# Data records:
"""
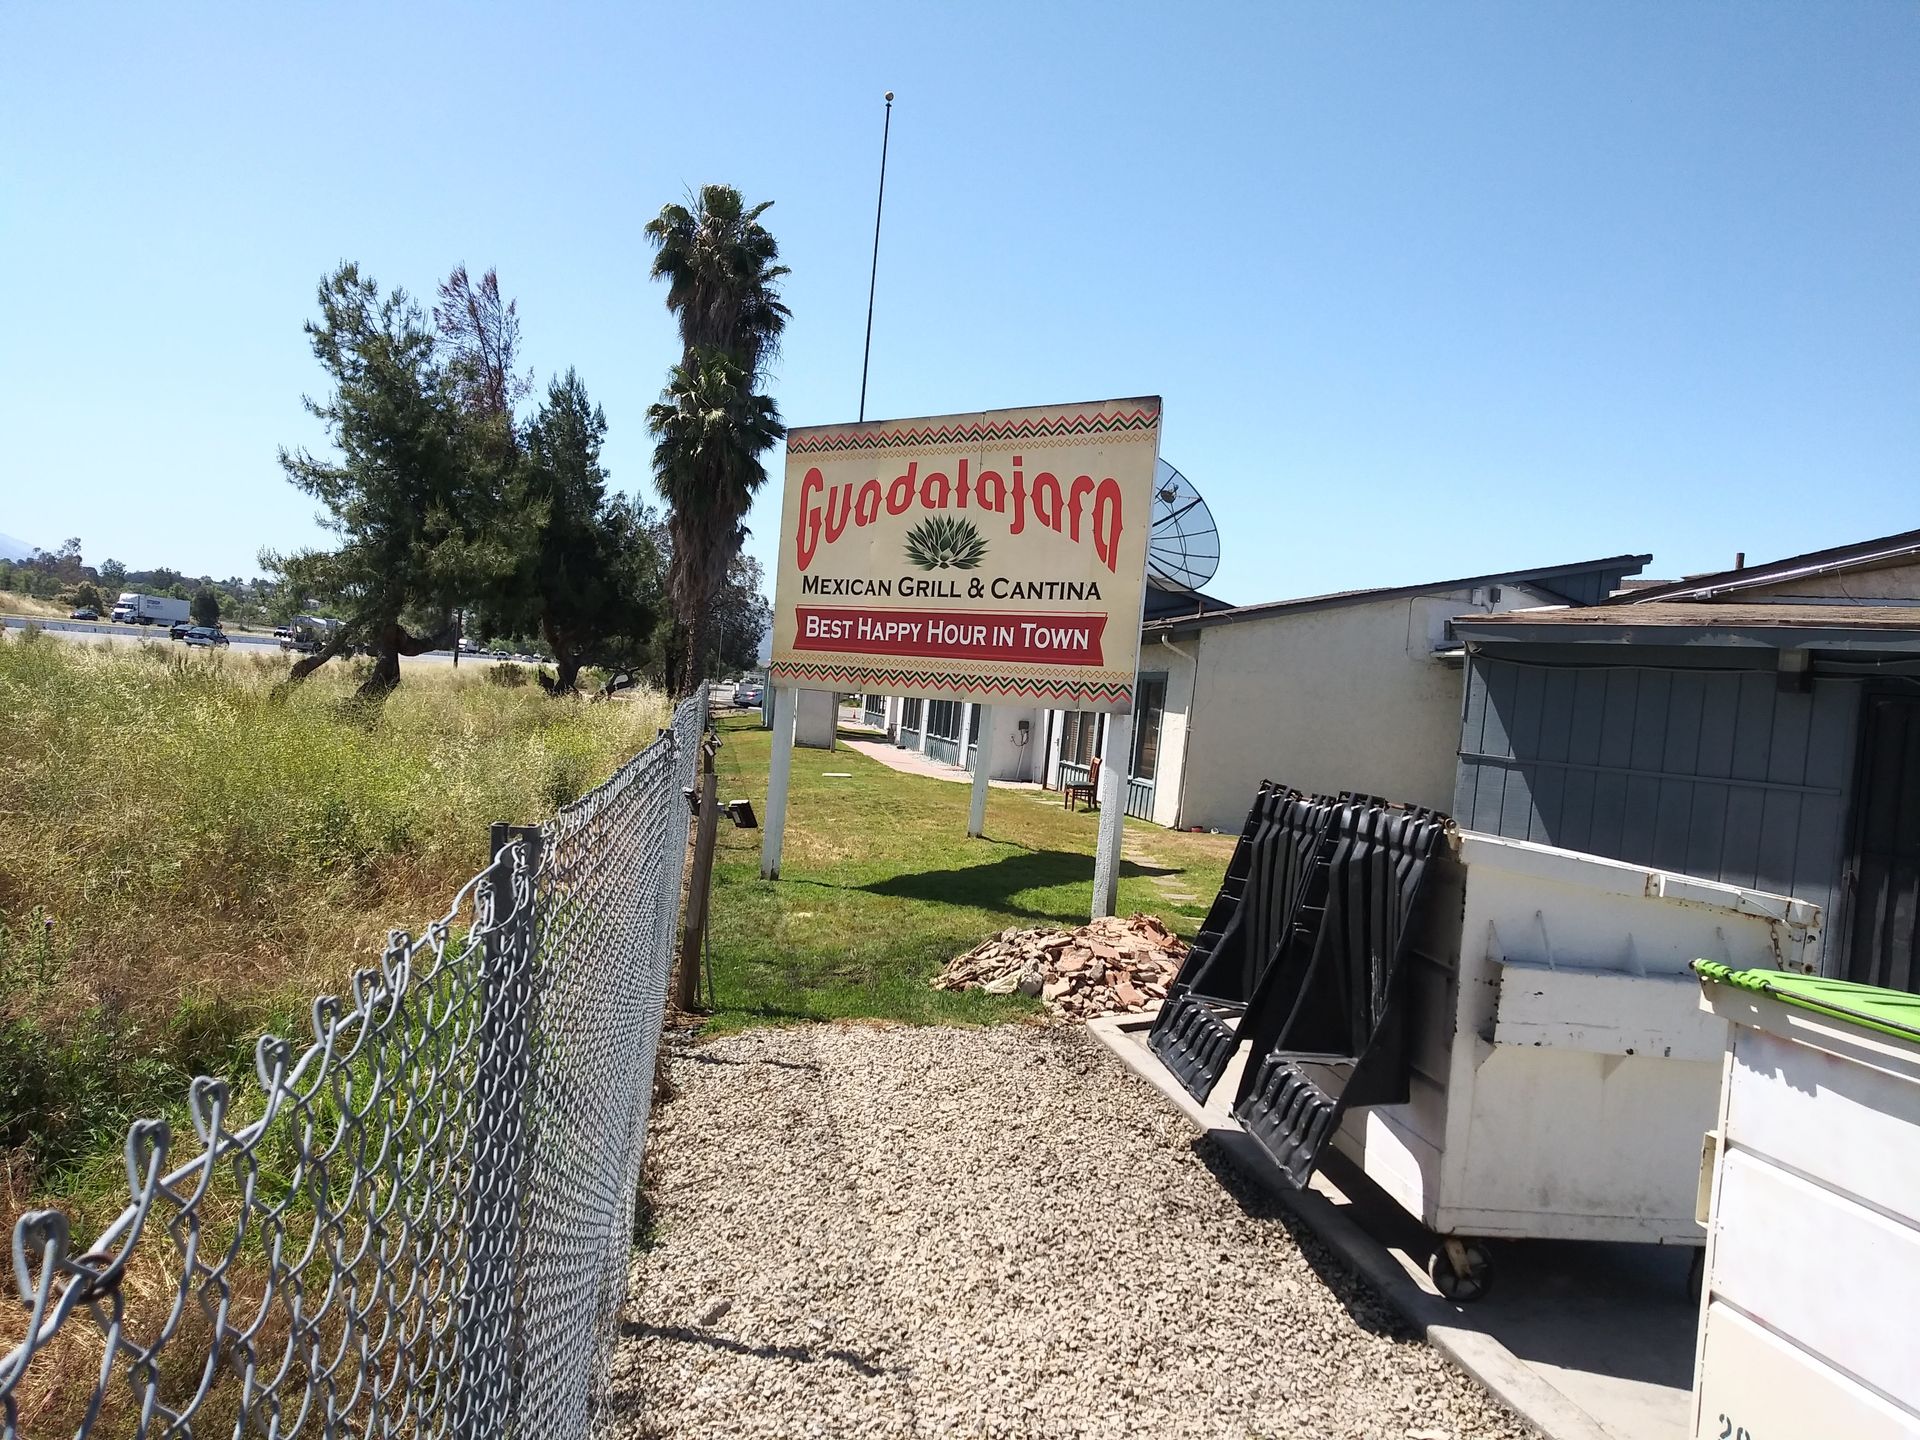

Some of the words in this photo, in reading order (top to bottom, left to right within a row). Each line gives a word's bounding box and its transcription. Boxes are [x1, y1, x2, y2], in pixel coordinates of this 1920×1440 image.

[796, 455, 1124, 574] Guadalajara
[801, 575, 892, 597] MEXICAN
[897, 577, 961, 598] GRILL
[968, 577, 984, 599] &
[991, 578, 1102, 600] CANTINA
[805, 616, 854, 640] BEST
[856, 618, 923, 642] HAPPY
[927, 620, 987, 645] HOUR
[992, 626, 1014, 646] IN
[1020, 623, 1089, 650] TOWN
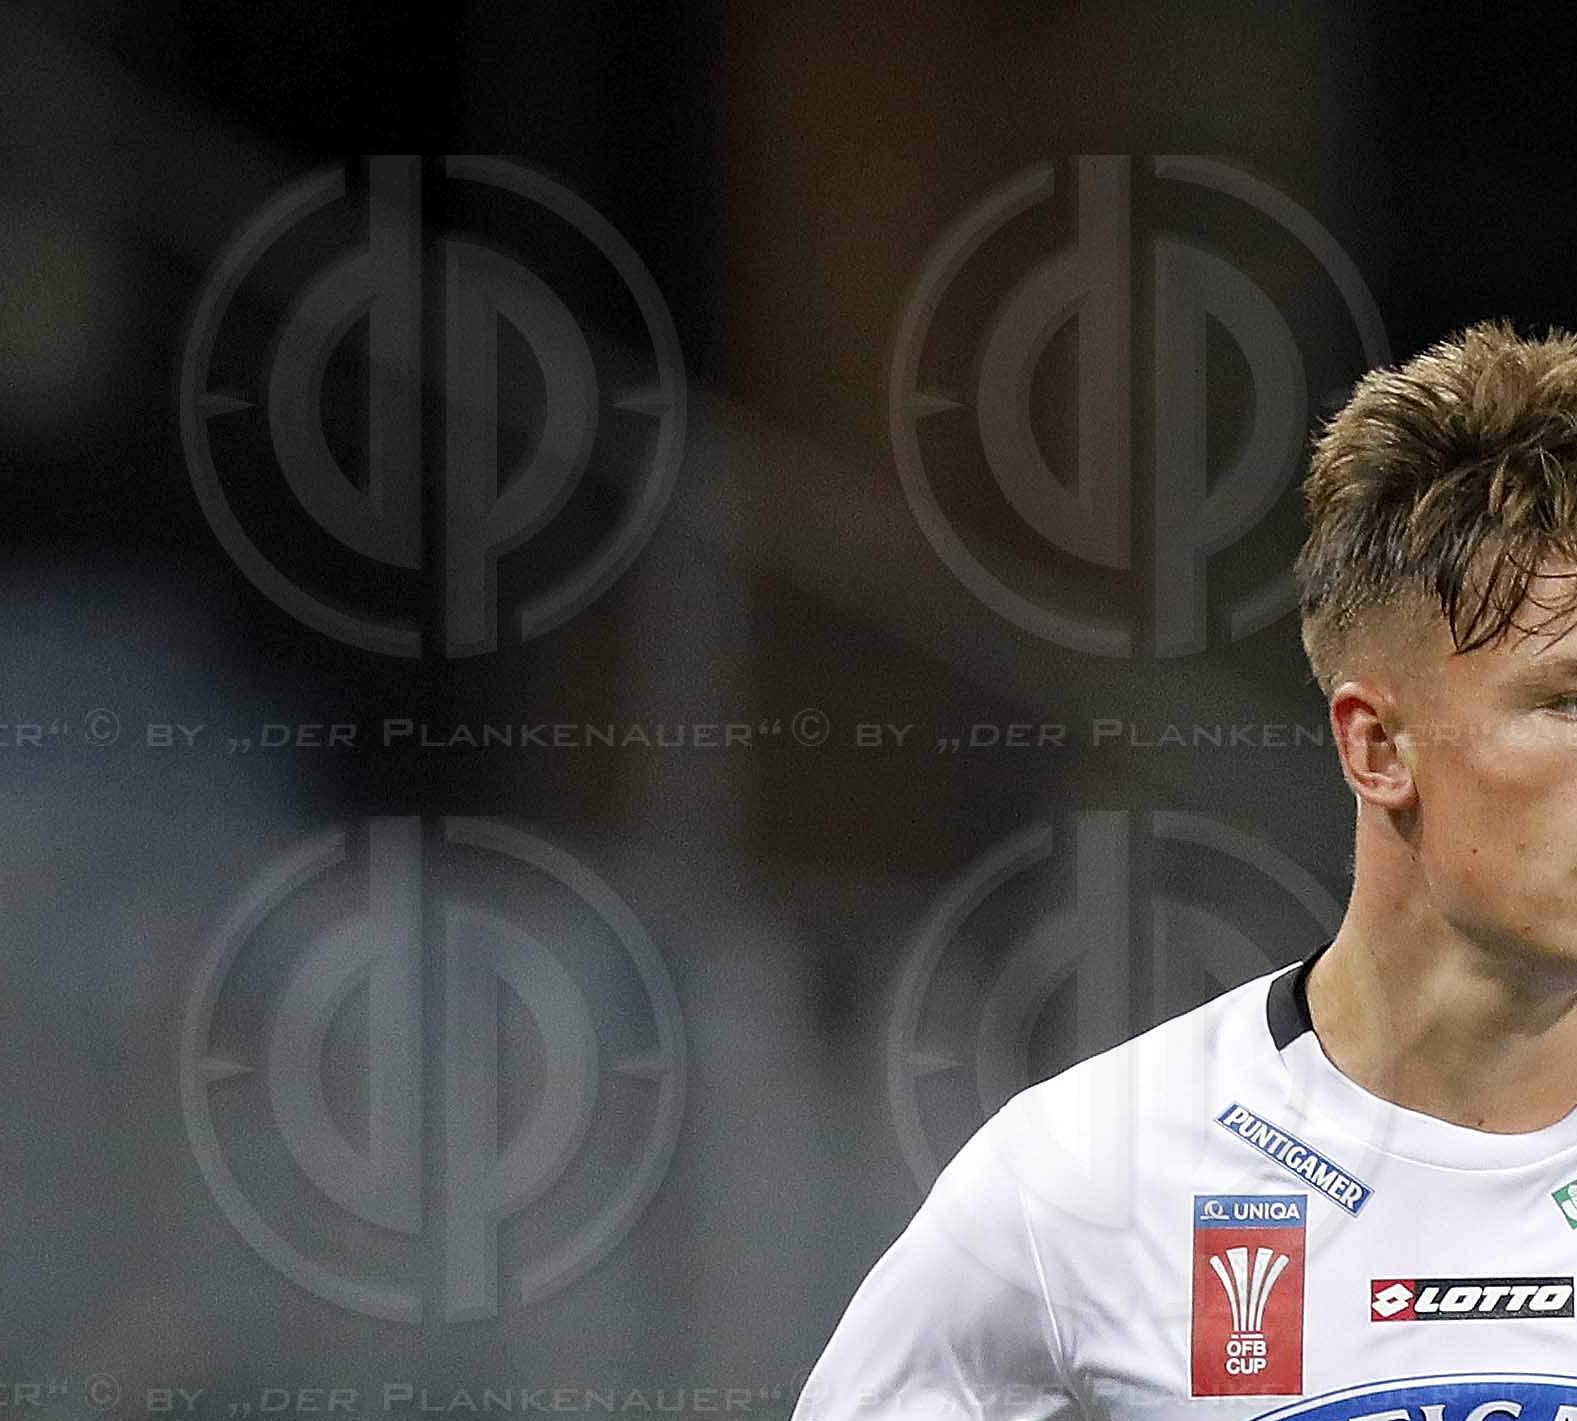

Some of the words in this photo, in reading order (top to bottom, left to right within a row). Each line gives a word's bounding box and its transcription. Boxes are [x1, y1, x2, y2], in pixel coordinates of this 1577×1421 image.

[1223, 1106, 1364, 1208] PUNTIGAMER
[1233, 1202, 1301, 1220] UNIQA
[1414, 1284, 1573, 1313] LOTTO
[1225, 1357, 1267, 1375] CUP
"""
# ASSIGNMENT:
Copy out the entries above in full and exactly, skipping every picture.

# OUTPUT OF THE EXERCISE:
Some of the words in this photo, in reading order (top to bottom, left to right within a row). Each line gives a word's bounding box and its transcription. Boxes are [x1, y1, x2, y2], in pixel coordinates of this 1920×1440 image.

[796, 455, 1124, 574] Guadalajara
[801, 575, 892, 597] MEXICAN
[897, 577, 961, 598] GRILL
[968, 577, 984, 599] &
[991, 578, 1102, 600] CANTINA
[805, 616, 854, 640] BEST
[856, 618, 923, 642] HAPPY
[927, 620, 987, 645] HOUR
[992, 626, 1014, 646] IN
[1020, 623, 1089, 650] TOWN

Some of the words in this photo, in reading order (top to bottom, left to right within a row). Each line gives a word's bounding box and its transcription. Boxes are [x1, y1, x2, y2], in pixel coordinates of this 1577×1421 image.

[1223, 1106, 1364, 1208] PUNTIGAMER
[1233, 1202, 1301, 1220] UNIQA
[1414, 1284, 1573, 1313] LOTTO
[1225, 1357, 1267, 1375] CUP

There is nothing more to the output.